When I was young, there was an old saying that a conservative is a liberal who has been mugged. I suspect that the debates between liberals and conservatives are especially fierce precisely because they are generally based on genetics and random life experiences, not rational thought.

Along these lines, a Politico article by Rich Lowry caught my eye:

The intellectual fashion among populists and religious traditionalists has been to attempt to forge a post-liberty or “post-liberal” agenda to forge a deeper foundation for the new Republican Party. Instead of obsessing over freedom and rights, conservatives would look to government to protect the common good.

This project, though, has been rocked by its first real-life encounter with governments acting to protect, as they see it, the common good.

One of its architects, the editor of the religious journal First Things, R.R. Reno, has sounded like one of the libertarians he so scorns during the crisis. First, he complained he might get shamed if he were to host a dinner party during the height of the pandemic, although delaying a party would seem a small price to pay for someone so intensely committed to the common good.
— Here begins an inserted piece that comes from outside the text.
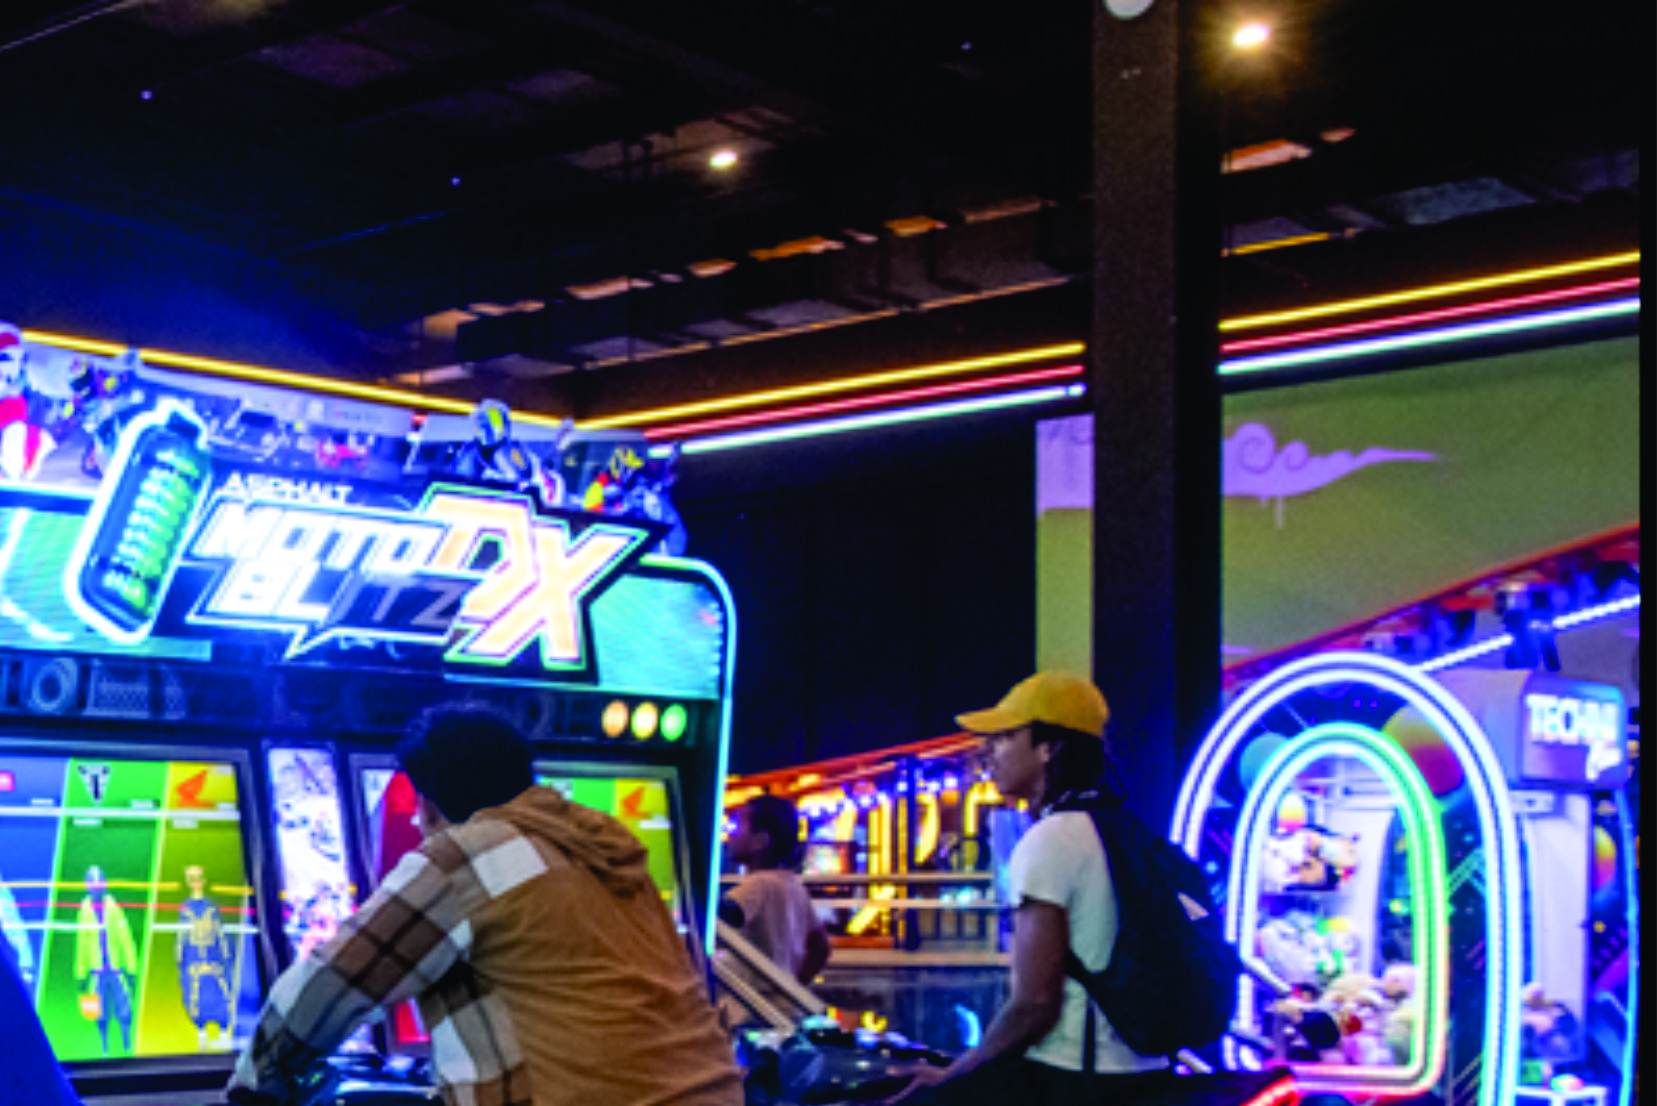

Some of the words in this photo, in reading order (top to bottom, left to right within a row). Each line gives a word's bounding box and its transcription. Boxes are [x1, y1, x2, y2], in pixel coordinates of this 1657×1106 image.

More recently, he went on a tirade against wearing masks. Reno is apparently fine with a much stronger government, as long as it never issues public-health guidance not to his liking. Then, it’s to the barricades for liberty, damn it.

Ouch!  Lowry and Reno are both conservatives, but I’m guessing they are not the best of friends.

PS:  Tom Wolfe’s version is pretty close to the sentiments in this post:

If a conservative is a liberal who’s been mugged, a liberal is a conservative who’s been arrested.